**ASSIGNMENT:**
Leave every image out, and return the rest of the data word for word.

**Image-backed grounding data:**

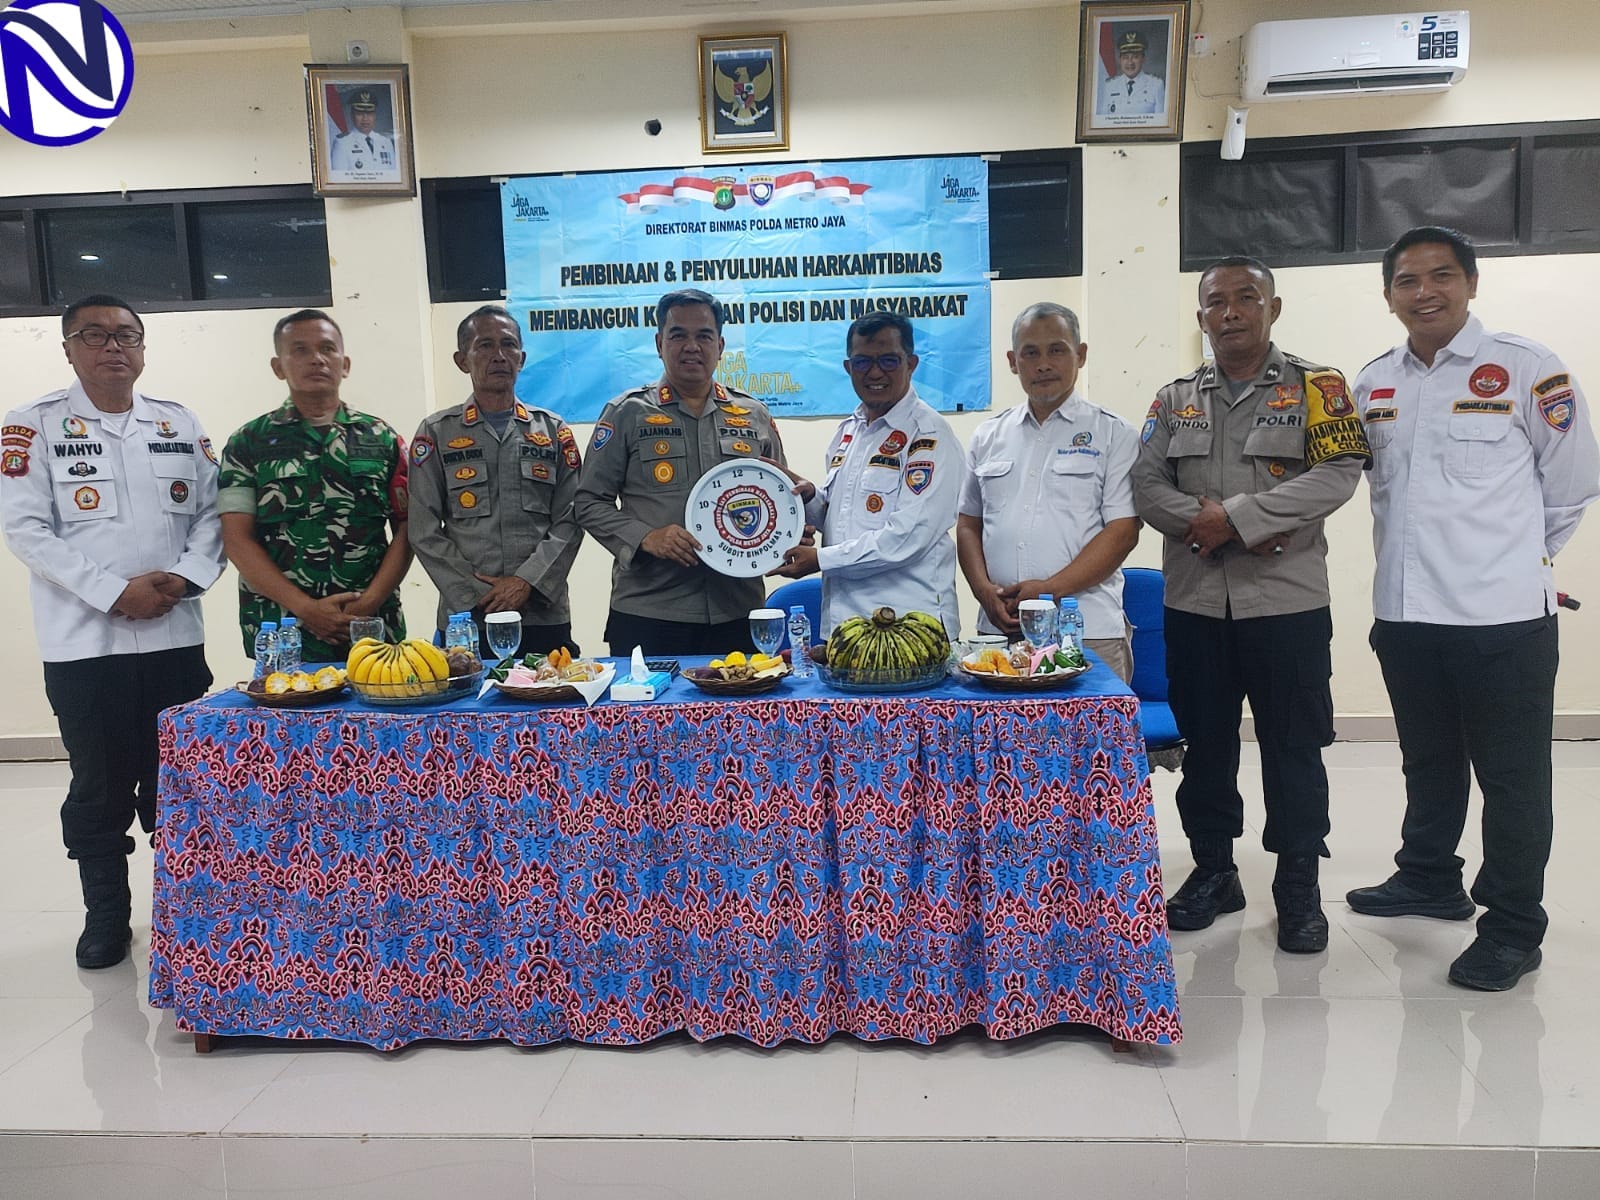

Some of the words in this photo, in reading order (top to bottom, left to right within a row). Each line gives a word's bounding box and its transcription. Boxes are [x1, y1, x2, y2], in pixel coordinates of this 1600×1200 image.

[1420, 15, 1438, 31] 5
[645, 221, 707, 235] DIREKTORAT
[709, 219, 747, 233] BINMAS
[750, 218, 782, 231] POLDA
[785, 217, 818, 230] METRO
[821, 215, 846, 228] JAYA
[560, 261, 659, 288] PEMBINAAN
[664, 260, 677, 282] &
[681, 255, 798, 282] PENYULUHAN
[802, 251, 943, 278] HARKAMTIBMAS
[529, 306, 639, 332] MEMBANGUN
[749, 301, 805, 324] POLISI
[810, 299, 845, 322] DAN
[1256, 414, 1302, 427] POLRI
[3, 426, 34, 437] POLDA
[720, 427, 758, 439] POLRI
[54, 443, 103, 457] WAHYU
[732, 469, 744, 478] 12
[759, 472, 763, 480] 1
[712, 480, 722, 489] 11
[778, 484, 785, 492] 2
[699, 500, 709, 509] 10
[790, 507, 796, 515] 3
[696, 523, 702, 532] 9
[786, 530, 792, 538] 4
[718, 541, 744, 558] SUBDIT
[746, 530, 782, 558] BINPOLMAS
[707, 545, 713, 553] 8
[773, 551, 779, 559] 5
[727, 559, 733, 567] 7
[751, 561, 757, 569] 6

**WRITTEN SOLUTION:**
Some of the words in this photo, in reading order (top to bottom, left to right within a row). Each line gives a word's bounding box and its transcription. Boxes are [x1, y1, x2, y2], in pixel coordinates of this 1600×1200 image.

[1420, 15, 1438, 31] 5
[645, 221, 707, 235] DIREKTORAT
[709, 219, 747, 233] BINMAS
[750, 218, 782, 231] POLDA
[785, 217, 818, 230] METRO
[821, 215, 846, 228] JAYA
[560, 261, 659, 288] PEMBINAAN
[664, 260, 677, 282] &
[681, 255, 798, 282] PENYULUHAN
[802, 251, 943, 278] HARKAMTIBMAS
[529, 306, 639, 332] MEMBANGUN
[749, 301, 805, 324] POLISI
[810, 299, 845, 322] DAN
[1256, 414, 1302, 427] POLRI
[3, 426, 34, 437] POLDA
[720, 427, 758, 439] POLRI
[54, 443, 103, 457] WAHYU
[732, 469, 744, 478] 12
[759, 472, 763, 480] 1
[712, 480, 722, 489] 11
[778, 484, 785, 492] 2
[699, 500, 709, 509] 10
[790, 507, 796, 515] 3
[696, 523, 702, 532] 9
[786, 530, 792, 538] 4
[718, 541, 744, 558] SUBDIT
[746, 530, 782, 558] BINPOLMAS
[707, 545, 713, 553] 8
[773, 551, 779, 559] 5
[727, 559, 733, 567] 7
[751, 561, 757, 569] 6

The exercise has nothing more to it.